6. The multimodal flame retardancy testing method for electric bicycle battery compartment materials according to claim 3, characterized in that, The random forest classifier is an ensemble of multiple decision trees. Each decision tree independently performs a binary classification of the feature vector as normal or abnormal. The abnormality probability is the proportion of the number of decision trees that are judged as abnormal out of the total number of decision trees. The random forest classifier is pre-trained using normal charge and discharge data samples and known thermal runaway data samples. The second threshold is a preset probability threshold value.

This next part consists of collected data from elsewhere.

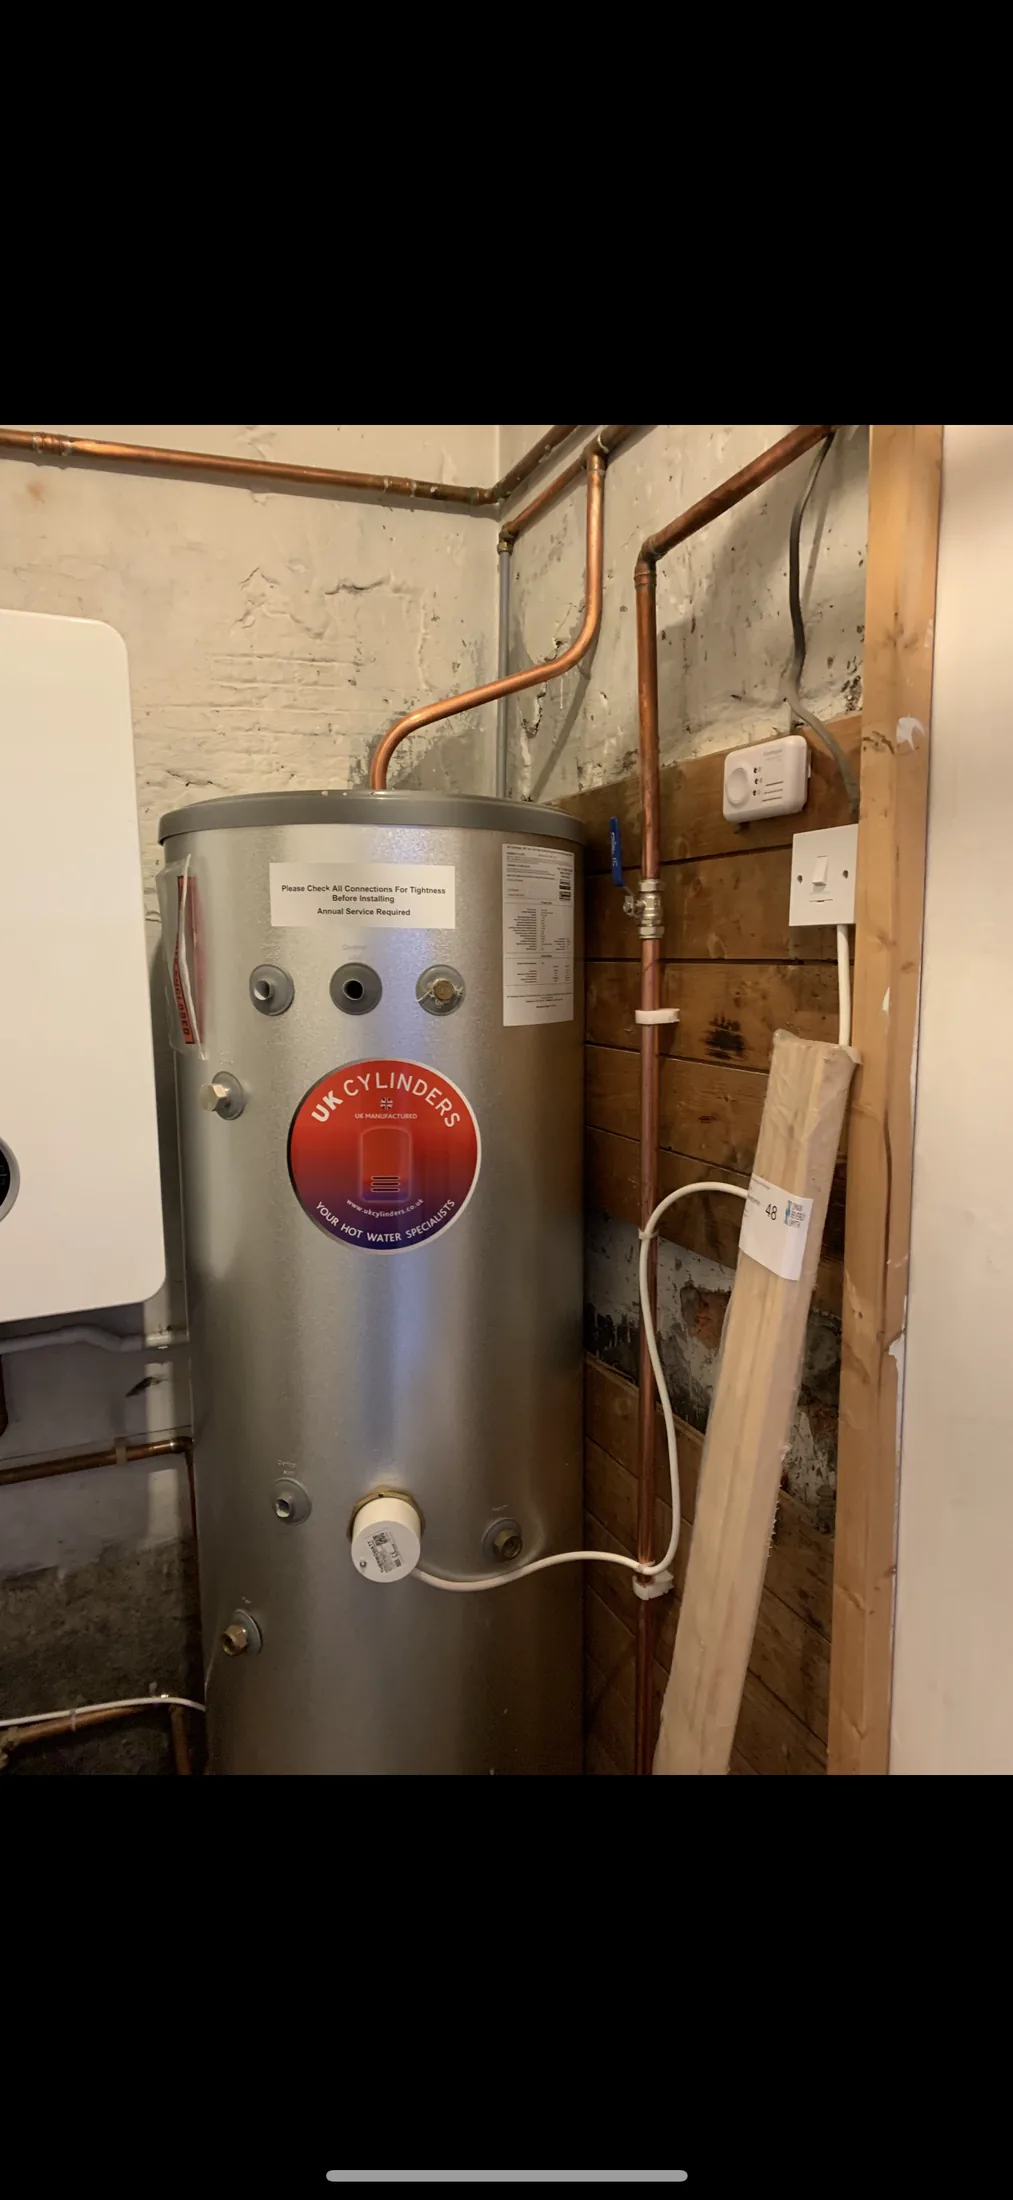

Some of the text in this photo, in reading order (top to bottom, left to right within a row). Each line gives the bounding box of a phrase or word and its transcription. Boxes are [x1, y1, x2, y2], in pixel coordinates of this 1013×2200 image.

[332, 894, 395, 904] Before Installing
[344, 885, 393, 893] Connections
[410, 886, 446, 895] Tightness
[345, 908, 374, 916] Service
[376, 908, 411, 917] Required
[311, 1072, 461, 1128] UK CYLINDERS
[346, 1199, 425, 1219] www.ukcylinders.co.uk
[765, 1203, 778, 1221] 48
[316, 1199, 456, 1243] YOUR HOT WATER SPECIALISTS

7. The multimodal flame retardancy testing method for electric bicycle battery compartment materials according to claim 1, characterized in that, The time consistency verification criteria are as follows: when the precise anomaly marker is triggered within a consecutive preset number of sampling periods, and the rate of change of expansion force and the rate of change of hydrogen concentration both show a trend of increasing period by period within the consecutive preset number of sampling periods, the anomaly state is confirmed to be valid; otherwise, it is determined to be occasional signal interference.

8. The multimodal flame retardancy testing method for electric bicycle battery compartment materials according to claim 1, characterized in that, The tiered alarm decision-making system includes at least four levels: normal, first-level warning, second-level alarm, and third-level alarm.

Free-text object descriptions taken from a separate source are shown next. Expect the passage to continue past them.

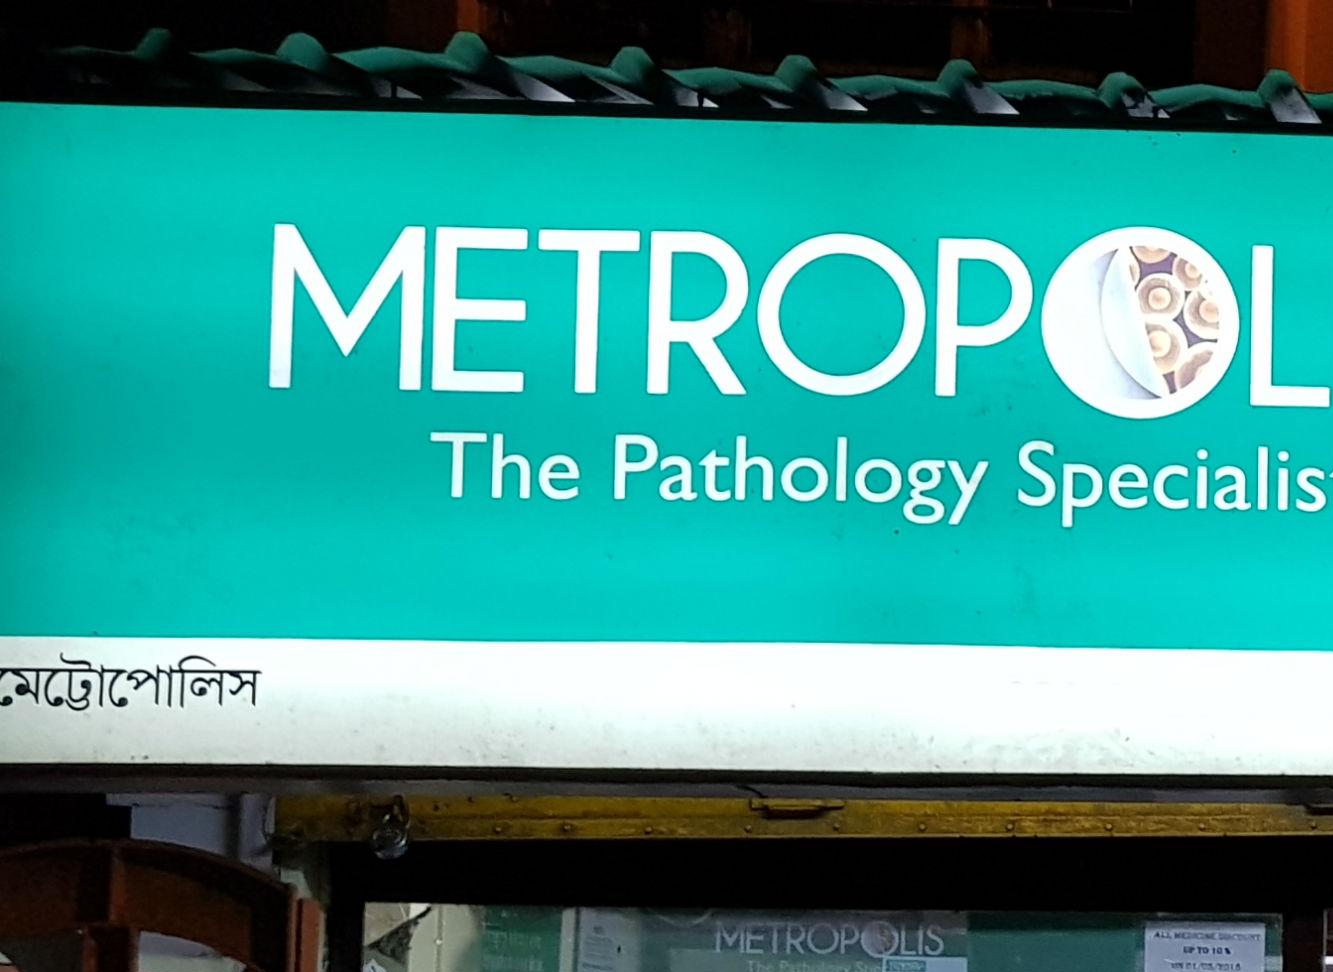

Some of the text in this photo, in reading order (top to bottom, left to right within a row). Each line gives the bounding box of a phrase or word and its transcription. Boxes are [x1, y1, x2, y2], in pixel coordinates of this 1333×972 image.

[430, 432, 580, 502] The
[612, 433, 989, 527] Pathology
[714, 921, 946, 958] METROPOLIS
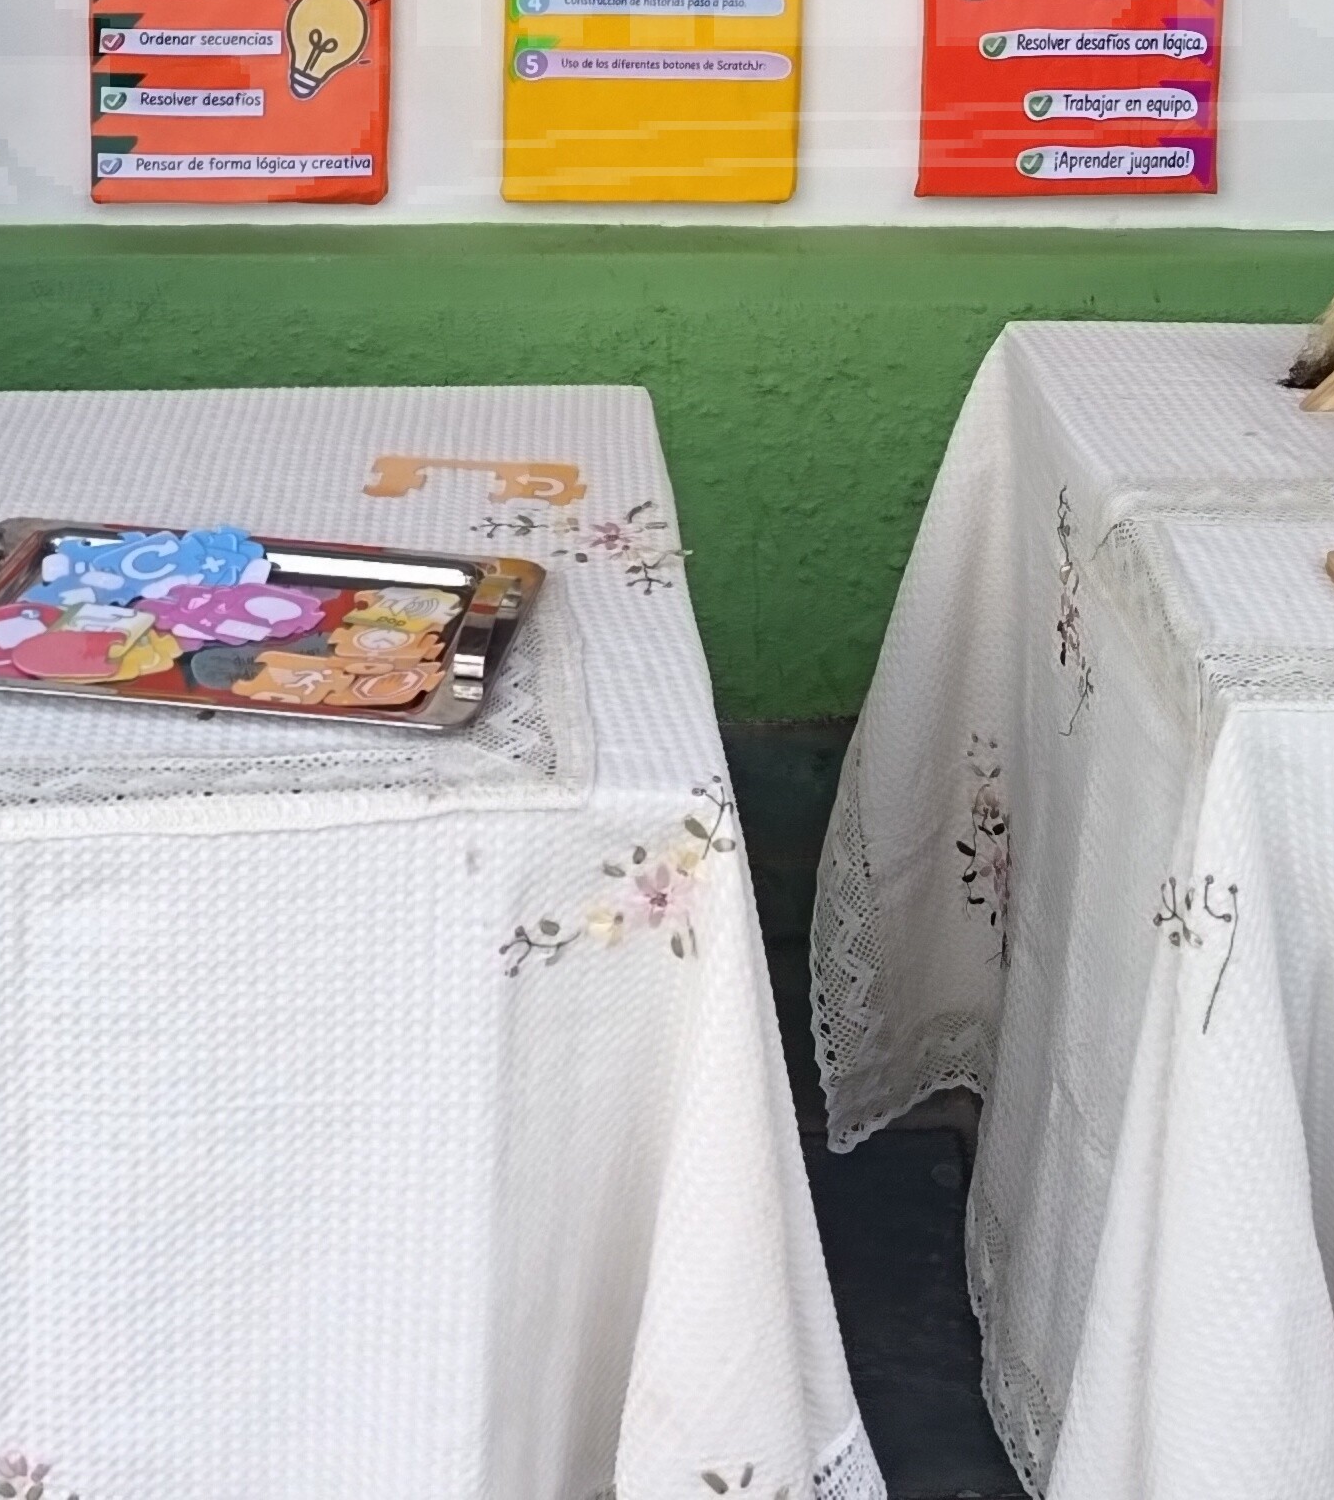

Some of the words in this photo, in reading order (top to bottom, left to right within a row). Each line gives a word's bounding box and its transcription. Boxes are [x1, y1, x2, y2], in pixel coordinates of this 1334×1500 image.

[139, 32, 195, 46] Ordenar
[199, 34, 273, 46] secuencias
[1017, 34, 1071, 51] Resolver
[1076, 34, 1132, 51] desafíos
[1136, 38, 1159, 51] con
[1163, 34, 1204, 56] lógica.
[525, 55, 539, 73] 5
[561, 58, 579, 69] Uso
[582, 59, 593, 69] de
[596, 59, 609, 70] los
[611, 58, 660, 71] diferentes
[663, 60, 700, 71] botones
[703, 60, 715, 71] de
[140, 92, 198, 106] Resolver
[202, 92, 261, 106] desafíos
[1063, 95, 1121, 115] Trabajar
[1125, 98, 1141, 111] en
[1147, 96, 1194, 117] equipo.
[136, 158, 184, 171] Pensar
[188, 158, 205, 171] de
[209, 156, 252, 172] forma
[256, 156, 296, 172] lógica
[299, 159, 308, 172] y
[312, 157, 371, 170] creativa
[1054, 152, 1124, 172] ¡Aprender
[1127, 151, 1190, 175] jugando!
[377, 616, 406, 627] pop

9. A multimodal flame retardancy testing method for electric bicycle battery compartment materials according to claim 8, characterized in that, The logic for the tiered alarm decision is as follows: When neither the suspected anomaly marker nor the anomaly status is triggered, the condition is determined to be at the normal level. When the suspected anomaly marker is triggered but the anomaly status is valid but not triggered, it is determined to be a Level 1 warning. When both the suspected anomaly marker and the anomaly status are triggered and the current hydrogen concentration does not exceed the safety threshold, it is determined to be a level two alarm. When both the suspected anomaly marker and the anomaly status are triggered and the current hydrogen concentration exceeds the safety threshold, it is determined to be a Level 3 alarm.

10. A multimodal flame retardancy testing method for battery compartment materials of electric bicycles according to any one of claims 1-9, characterized in that, The method further includes: S7: Upload event data that triggers a Level 1 warning or higher to the cloud for updating the normal state baseline and iteratively training the random forest classifier; The update method for the normal state benchmark is as follows: using a sliding window approach, only the feature vector data within the time period judged as normal level are selected, and the mean vector and covariance matrix of the normal state benchmark are recalculated so that the normal state benchmark can track the slow changes caused by battery aging; the iterative training method for the random forest classifier is as follows: the uploaded trigger event data is manually reviewed and labeled as new training samples, the random forest model is periodically retrained in the cloud, and the updated model parameters are sent to the edge computing unit.